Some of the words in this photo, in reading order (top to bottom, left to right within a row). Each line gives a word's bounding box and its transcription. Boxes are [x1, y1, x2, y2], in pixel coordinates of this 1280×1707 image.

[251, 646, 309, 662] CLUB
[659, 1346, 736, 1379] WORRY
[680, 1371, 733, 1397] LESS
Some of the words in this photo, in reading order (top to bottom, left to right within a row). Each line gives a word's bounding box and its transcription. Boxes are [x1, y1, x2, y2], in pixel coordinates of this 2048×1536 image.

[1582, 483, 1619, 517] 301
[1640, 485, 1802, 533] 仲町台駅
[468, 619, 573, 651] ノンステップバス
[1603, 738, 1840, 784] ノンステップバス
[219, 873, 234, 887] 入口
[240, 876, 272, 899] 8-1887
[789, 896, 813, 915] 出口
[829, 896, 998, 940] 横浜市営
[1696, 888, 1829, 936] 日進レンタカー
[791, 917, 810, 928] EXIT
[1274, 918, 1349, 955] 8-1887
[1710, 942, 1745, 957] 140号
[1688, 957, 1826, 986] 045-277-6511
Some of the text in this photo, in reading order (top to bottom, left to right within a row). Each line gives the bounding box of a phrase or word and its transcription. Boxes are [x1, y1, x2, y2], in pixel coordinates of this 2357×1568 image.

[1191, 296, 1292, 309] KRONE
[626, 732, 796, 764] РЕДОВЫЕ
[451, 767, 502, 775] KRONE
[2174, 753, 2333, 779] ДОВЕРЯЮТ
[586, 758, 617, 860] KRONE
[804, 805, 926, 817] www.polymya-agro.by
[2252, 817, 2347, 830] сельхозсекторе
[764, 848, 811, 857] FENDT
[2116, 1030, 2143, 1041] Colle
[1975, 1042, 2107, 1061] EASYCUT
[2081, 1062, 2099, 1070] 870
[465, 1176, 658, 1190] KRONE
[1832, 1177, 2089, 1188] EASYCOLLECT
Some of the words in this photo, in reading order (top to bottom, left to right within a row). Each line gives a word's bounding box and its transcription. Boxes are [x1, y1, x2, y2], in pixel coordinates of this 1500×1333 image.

::::::::::

INSTRUCTIONS TO FOLLOW
From the first line to the last, return the data above exactly.

SOLUTION TO THIS TASK
Some of the words in this photo, in reading order (top to bottom, left to right within a row). Each line gives a word's bounding box and its transcription. Boxes are [x1, y1, x2, y2], in pixel coordinates of this 1280×1707 image.

[251, 646, 309, 662] CLUB
[659, 1346, 736, 1379] WORRY
[680, 1371, 733, 1397] LESS
Some of the words in this photo, in reading order (top to bottom, left to right within a row). Each line gives a word's bounding box and its transcription. Boxes are [x1, y1, x2, y2], in pixel coordinates of this 2048×1536 image.

[1582, 483, 1619, 517] 301
[1640, 485, 1802, 533] 仲町台駅
[468, 619, 573, 651] ノンステップバス
[1603, 738, 1840, 784] ノンステップバス
[219, 873, 234, 887] 入口
[240, 876, 272, 899] 8-1887
[789, 896, 813, 915] 出口
[829, 896, 998, 940] 横浜市営
[1696, 888, 1829, 936] 日進レンタカー
[791, 917, 810, 928] EXIT
[1274, 918, 1349, 955] 8-1887
[1710, 942, 1745, 957] 140号
[1688, 957, 1826, 986] 045-277-6511
Some of the text in this photo, in reading order (top to bottom, left to right within a row). Each line gives the bounding box of a phrase or word and its transcription. Boxes are [x1, y1, x2, y2], in pixel coordinates of this 2357×1568 image.

[1191, 296, 1292, 309] KRONE
[626, 732, 796, 764] РЕДОВЫЕ
[451, 767, 502, 775] KRONE
[2174, 753, 2333, 779] ДОВЕРЯЮТ
[586, 758, 617, 860] KRONE
[804, 805, 926, 817] www.polymya-agro.by
[2252, 817, 2347, 830] сельхозсекторе
[764, 848, 811, 857] FENDT
[2116, 1030, 2143, 1041] Colle
[1975, 1042, 2107, 1061] EASYCUT
[2081, 1062, 2099, 1070] 870
[465, 1176, 658, 1190] KRONE
[1832, 1177, 2089, 1188] EASYCOLLECT
Some of the words in this photo, in reading order (top to bottom, left to right within a row). Each line gives a word's bounding box and its transcription. Boxes are [x1, y1, x2, y2], in pixel coordinates of this 1500×1333 image.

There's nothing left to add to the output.